PROVIDED DATA:
══════

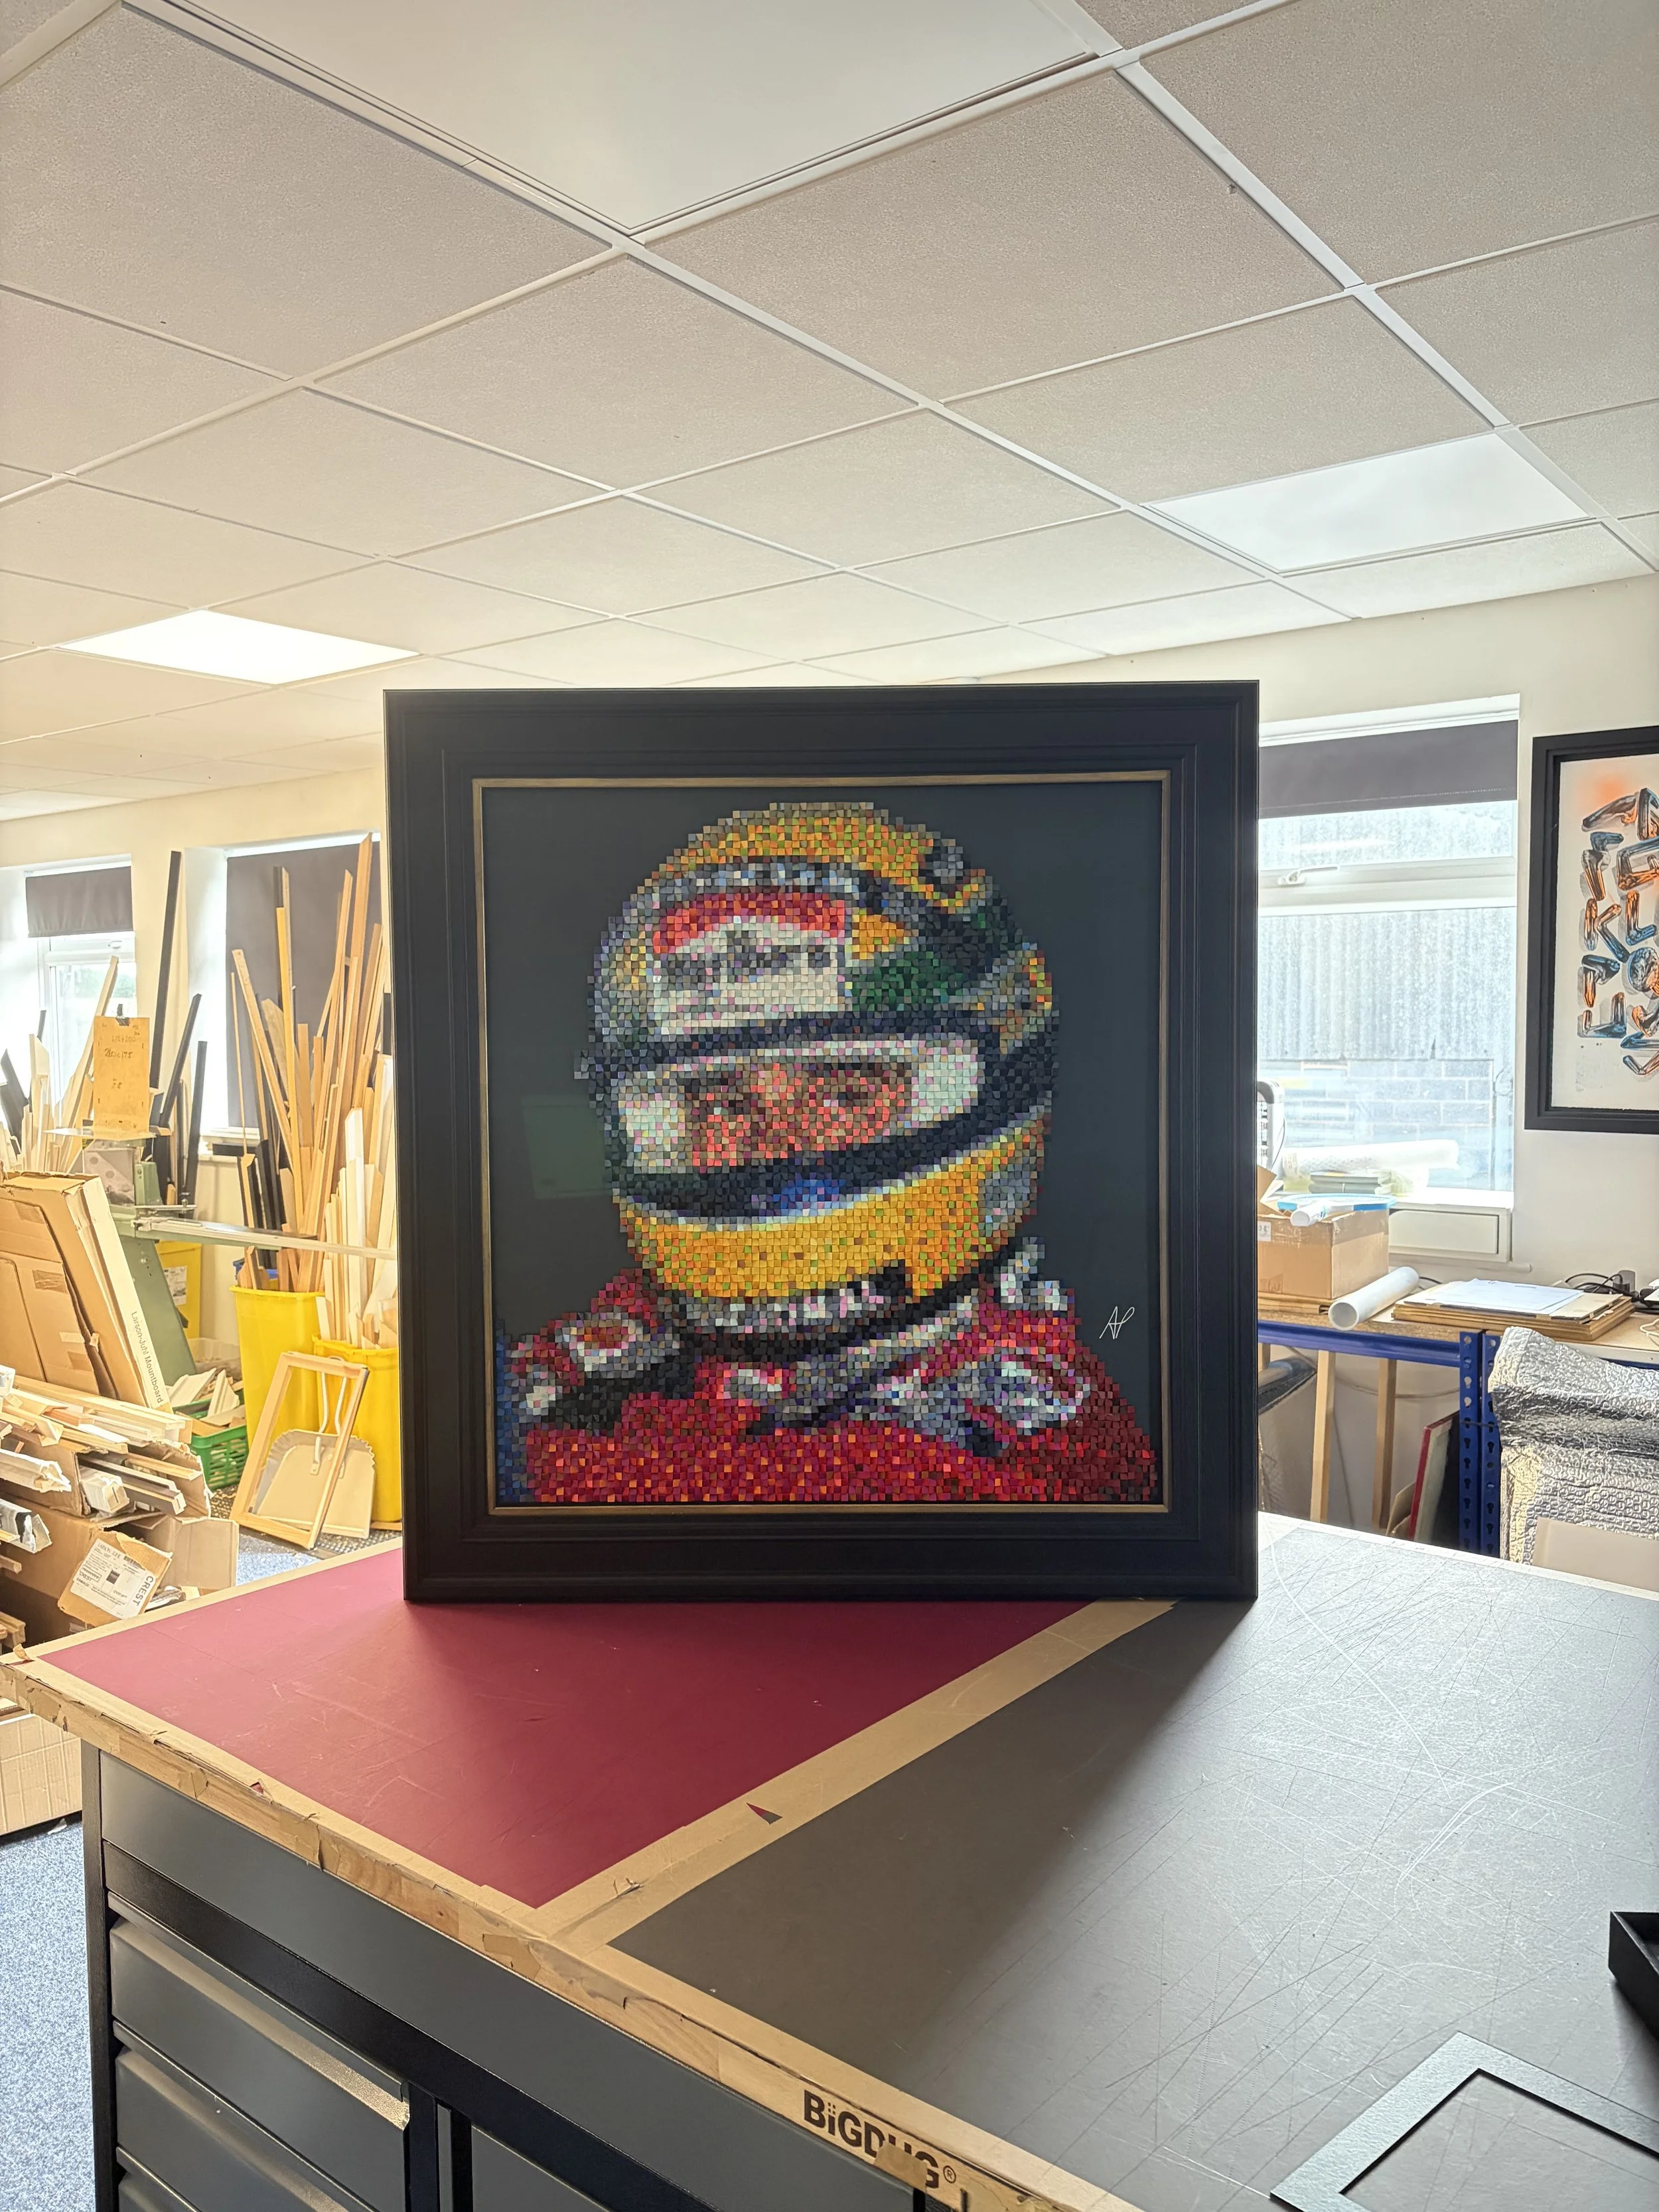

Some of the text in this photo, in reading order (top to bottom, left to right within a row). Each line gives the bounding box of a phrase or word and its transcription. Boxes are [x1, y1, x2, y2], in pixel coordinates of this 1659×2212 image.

[131, 1311, 164, 1404] Larson-Juhl Mountboard
[132, 1576, 154, 1607] CREST
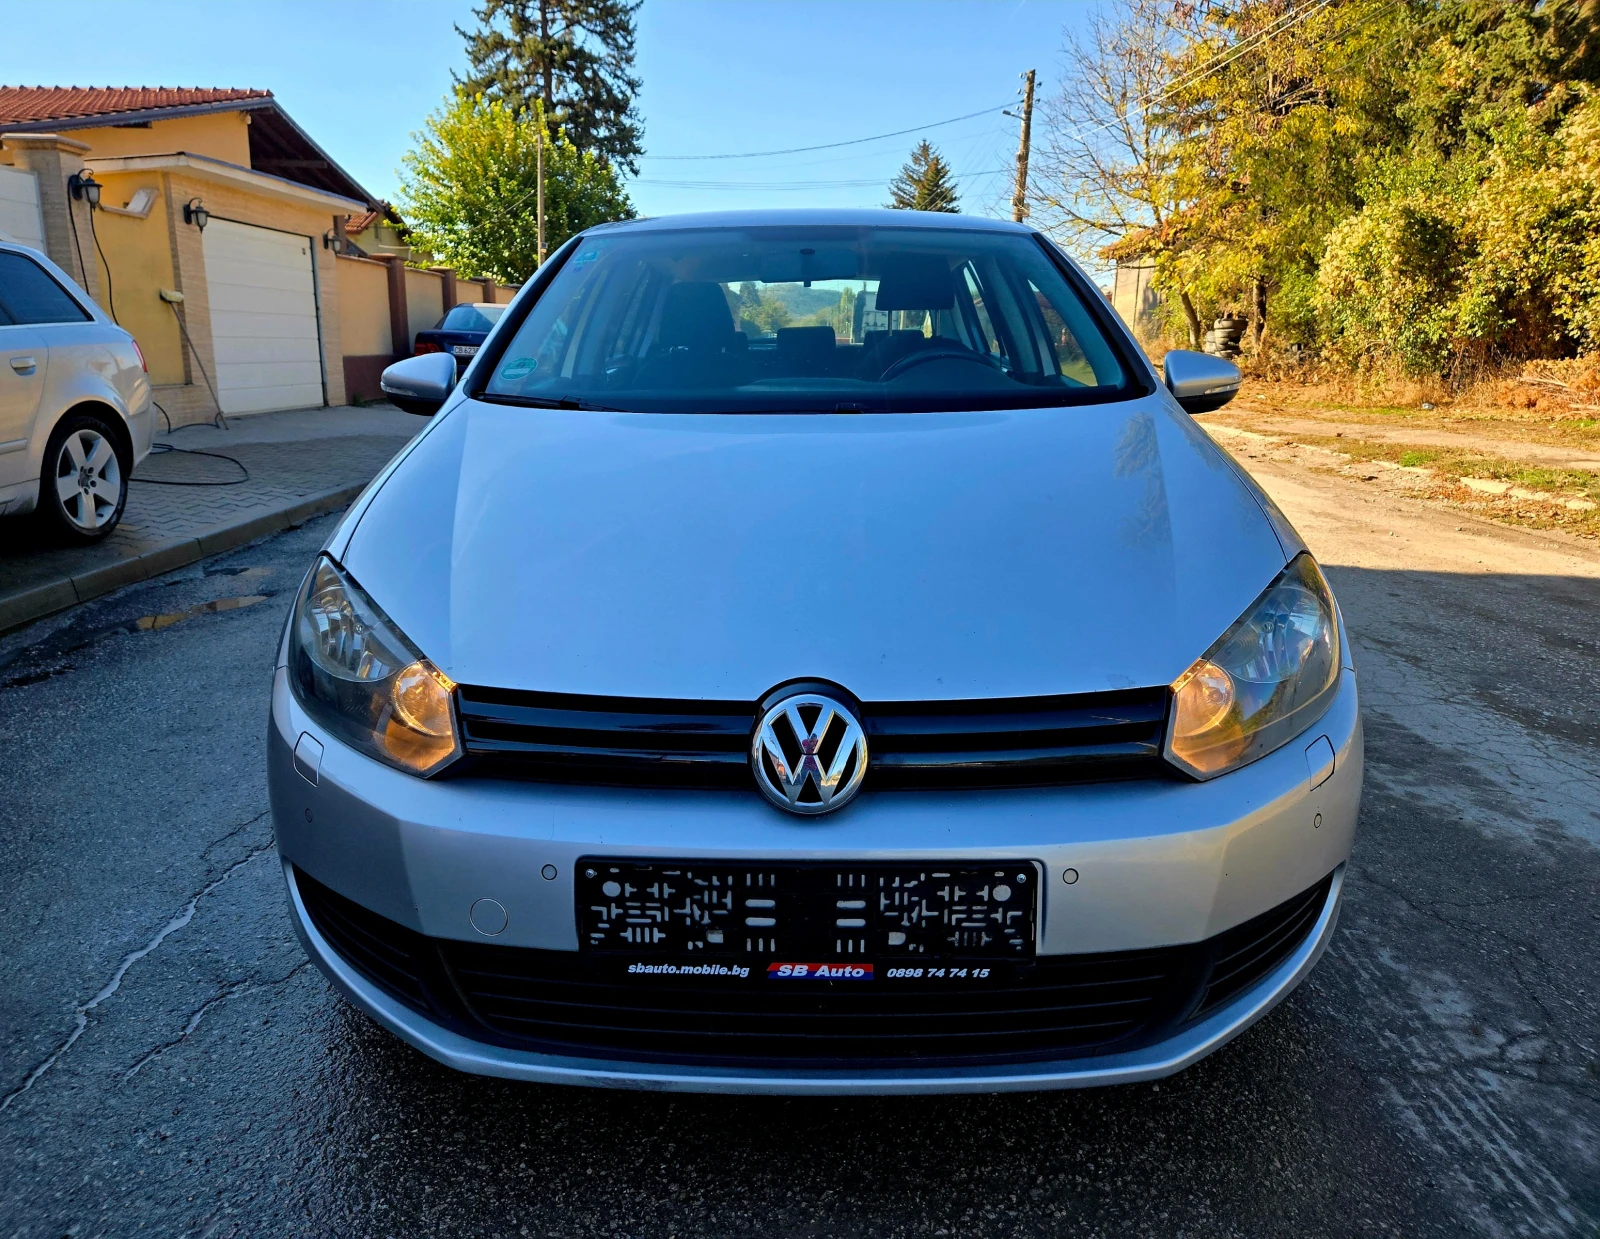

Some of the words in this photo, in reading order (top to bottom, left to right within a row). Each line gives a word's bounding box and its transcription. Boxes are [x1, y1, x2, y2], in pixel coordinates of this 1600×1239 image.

[752, 694, 868, 814] VW
[627, 962, 750, 978] sbauto.mobile.bg
[777, 964, 809, 977] SB
[814, 965, 865, 978] Auto
[886, 968, 924, 978] 0898
[927, 968, 946, 978] 74
[949, 968, 968, 978] 74
[971, 968, 991, 978] 15
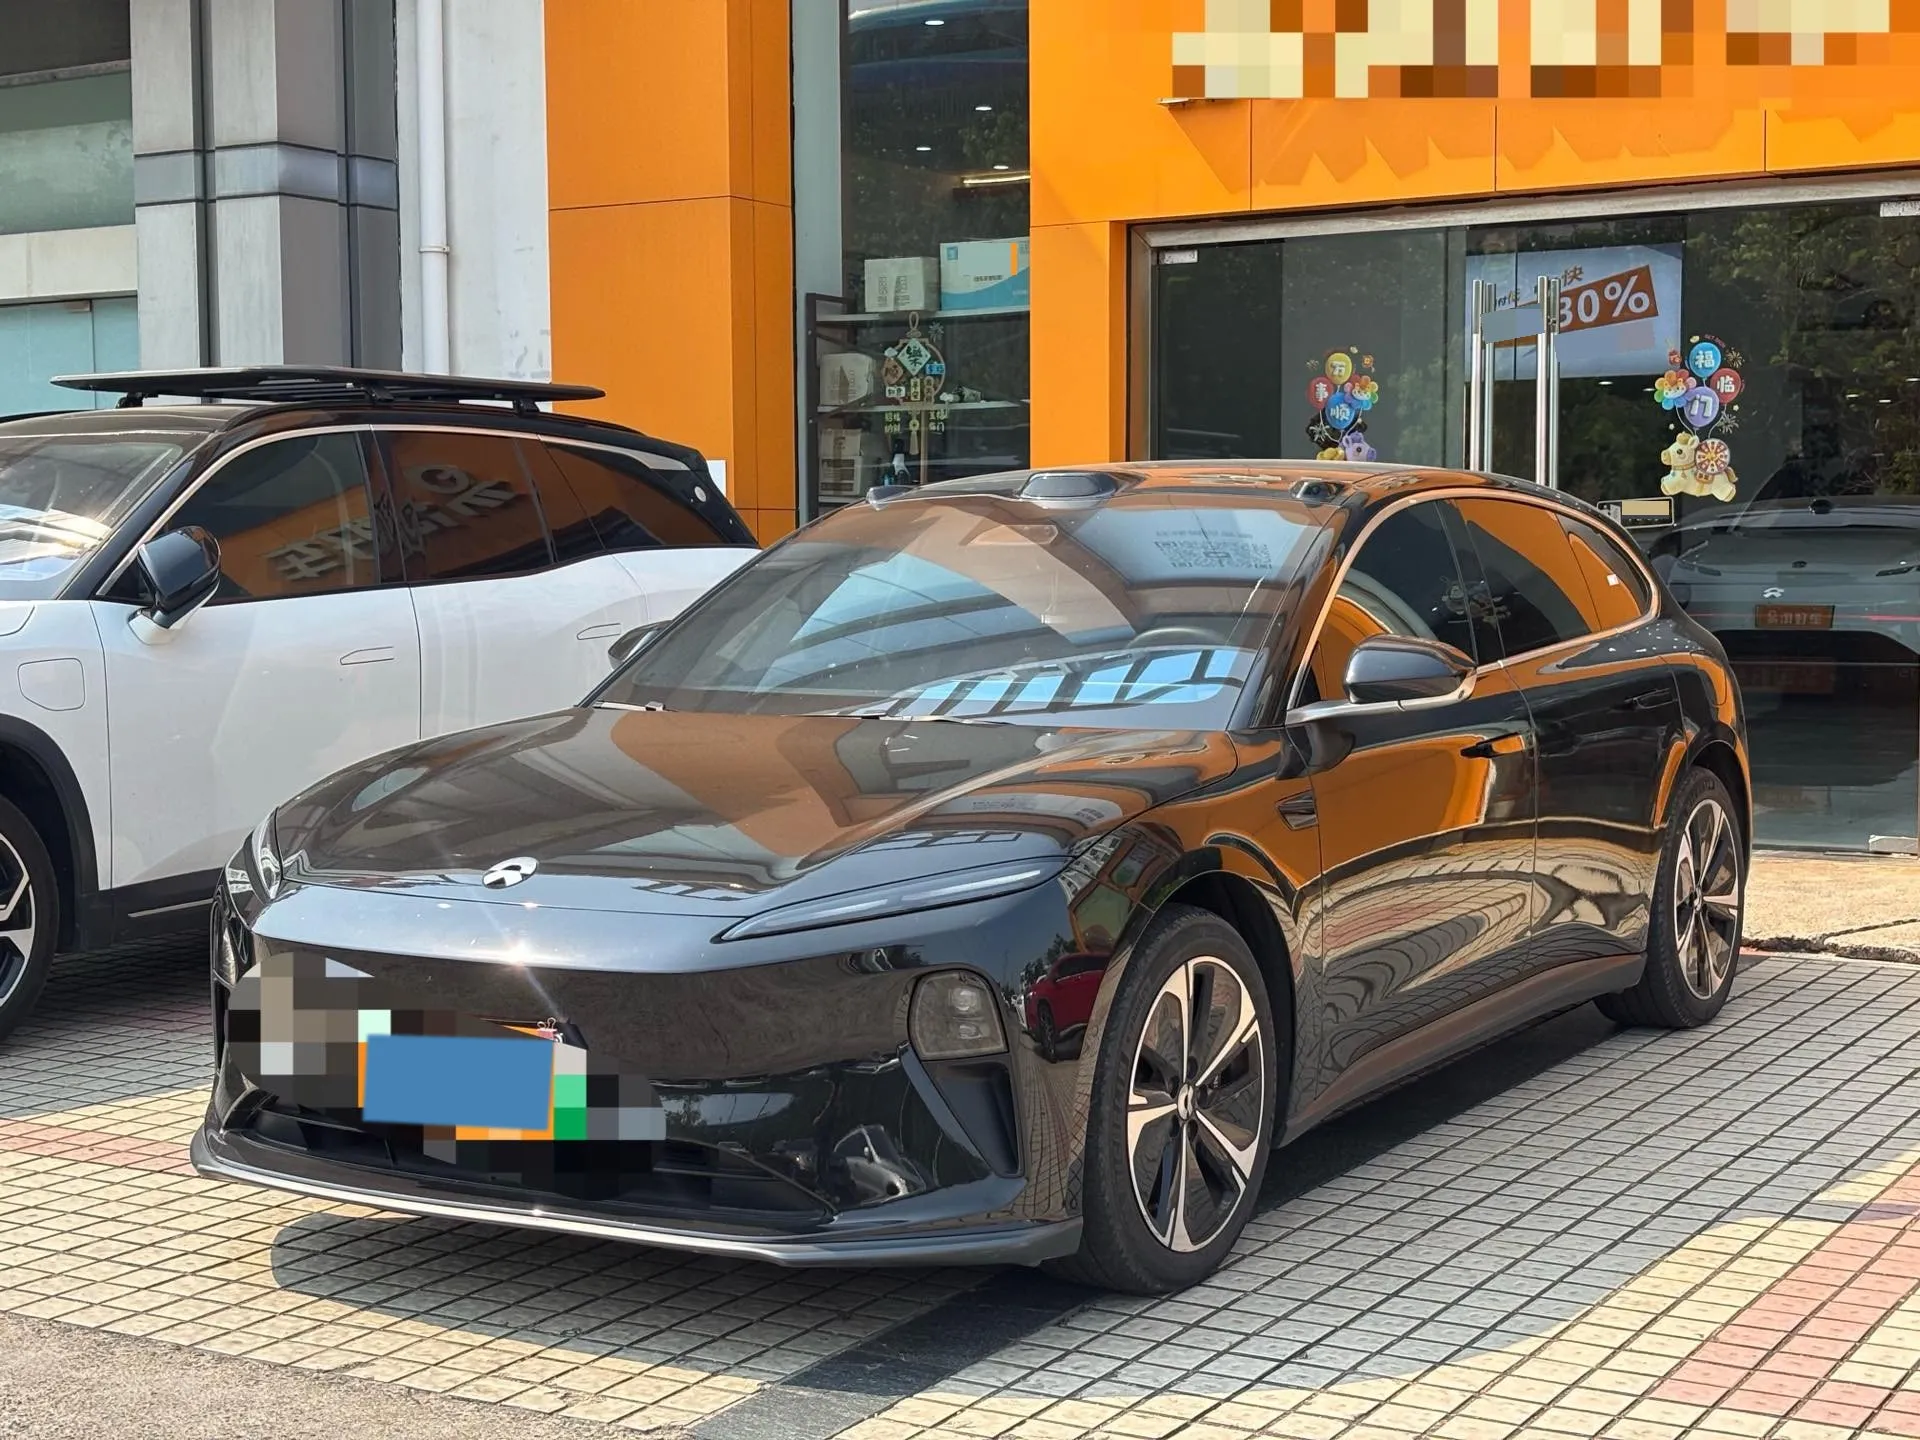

══════

WORK INSTRUCTIONS:
At the line containing "Some of the words", start reproducing exactly, and stop after the last line of the listing; include both ends, and leave the pictures out.

OUTPUT:
Some of the words in this photo, in reading order (top to bottom, left to right within a row). Each line gives a word's bounding box and its transcription. Boxes are [x1, y1, x2, y2], in pixel coordinates of this 1600×1239 image.

[752, 694, 868, 814] VW
[627, 962, 750, 978] sbauto.mobile.bg
[777, 964, 809, 977] SB
[814, 965, 865, 978] Auto
[886, 968, 924, 978] 0898
[927, 968, 946, 978] 74
[949, 968, 968, 978] 74
[971, 968, 991, 978] 15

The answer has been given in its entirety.